Identification of individual tyrosine sulfation sites within factor VIII required for optimal activity and efficient thrombin cleavage

• Published in: The Journal of biological chemistry Vol. 269; no. 31; pp. 20095 - 20102
• Main Authors: MICHNICK, D. A, PITTMAN, D. D, WISE, R. J, KAUFMAN, R. J
• Format: Journal Article
• Language: English
• Published: Bethesda, MD American Society for Biochemistry and Molecular Biology 05.08.1994
• Subjects: Amino Acid Sequence; Animals; Base Sequence; Binding Sites; Biological and medical sciences; Blood coagulation. Blood cells; Cell Line; Chlorocebus aethiops; Coagulation factors; DNA, Complementary; Factor VIII - genetics; Factor VIII - metabolism; Fundamental and applied biological sciences. Psychology; Humans; Hydrolysis; Molecular and cellular biology; Molecular Sequence Data; Mutagenesis, Site-Directed; Sulfuric Acid Esters - metabolism; Thrombin - metabolism; Tyrosine - metabolism; von Willebrand Factor - metabolism; Human; Serine endopeptidases; Enzyme; Factor VIII; Site directed mutagenesis; Molecular interaction; Thrombin; Biological activity; Sulfatation; Posttranslational modification; Structure activity relation; Hydrolases; Coagulation factor; Proteinases
• ISSN: 0021-9258; 1083-351X
• DOI: 10.1016/S0021-9258(17)32132-4

Factor VIII functions as an essential cofactor in the blood coagulation cascade for the factor IXa-mediated activation of factor X. Factor VIII contains 6 tyrosine residues at positions 346, 718, 719, 723, 1664, and 1680 that are modified by post-translational sulfation.
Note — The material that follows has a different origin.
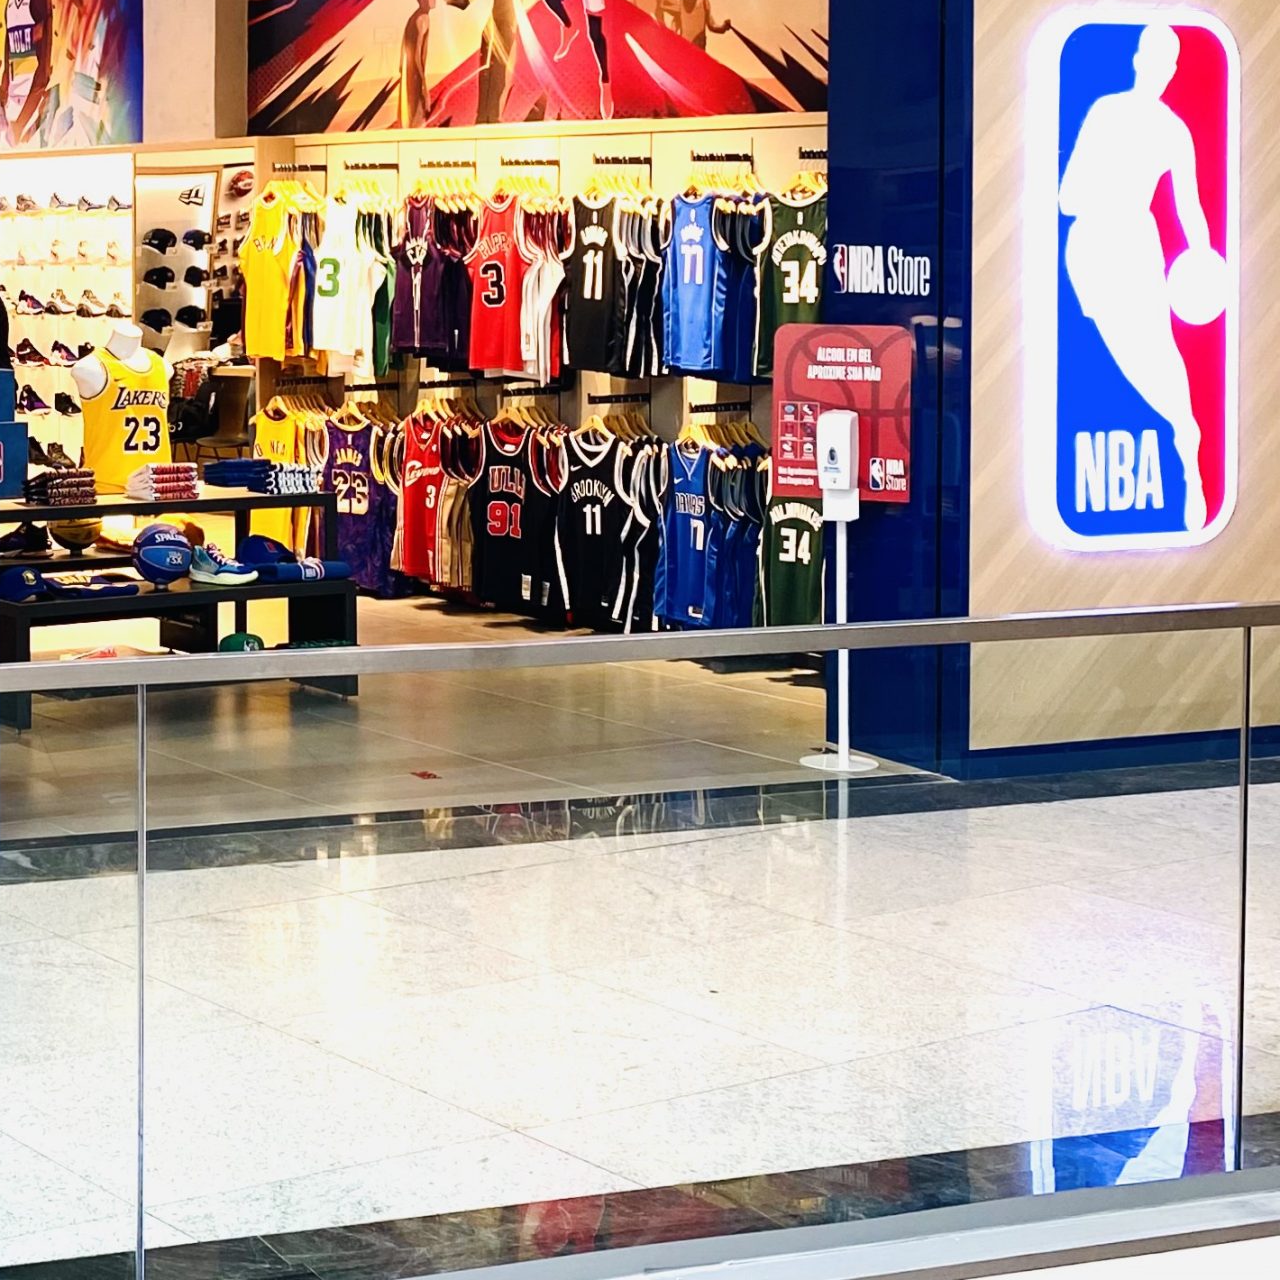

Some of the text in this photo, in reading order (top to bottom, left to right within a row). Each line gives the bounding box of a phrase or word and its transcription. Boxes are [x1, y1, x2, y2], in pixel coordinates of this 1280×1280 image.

This modification is required for full factor VIII procoagulant activity. We have employed site-directed mutagenesis to identify the individual sulfated tyrosines within factor VIII that influence activity. The molecules were expressed in COS-1 monkey cells by transient transfection, and the resultant proteins were characterized. Metabolic incorporation of [35S]sulfate demonstrated that all 6 tyrosine residues are sulfated in factor VIII. Sulfation at residues 346 and 1664 was required for full activity in a factor VIII clotting assay but did not affect factor VIII activity monitored by a factor Xa generation assay. The Tyr346-->Phe and Tyr1664-->Phe mutants displayed delayed thrombin activation that correlated with delayed cleavage at residues 372 and 1689, respectively. In contrast, these mutants were efficiently activated by factor Xa. A triple Tyr to Phe mutant at residues 718, 719, and 723 displayed both reduced factor VIII clotting activity and factor Xa generation activity. Finally, a Tyr1680-->Phe mutant factor VIII displayed a 5-fold reduced affinity for von Willebrand factor. The results demonstrate that 1) sulfation at tyrosine residues 346 and 1664 increases factor VIII activity by increasing the rate of thrombin activation and cleavage; 2) sulfation at tyrosine residues 718, 719, and 723 increases the intrinsic activity of factor VIIIa; and 3) sulfation at tyrosine residue 1680 increases the affinity for vWF. In addition, the results implicate that thrombin interacts with three distinct sites within factor VIII, two of which are required for proteolytic activation. The results demonstrate that the six sites of tyrosine sulfation modulate factor VIII activity through different mechanisms.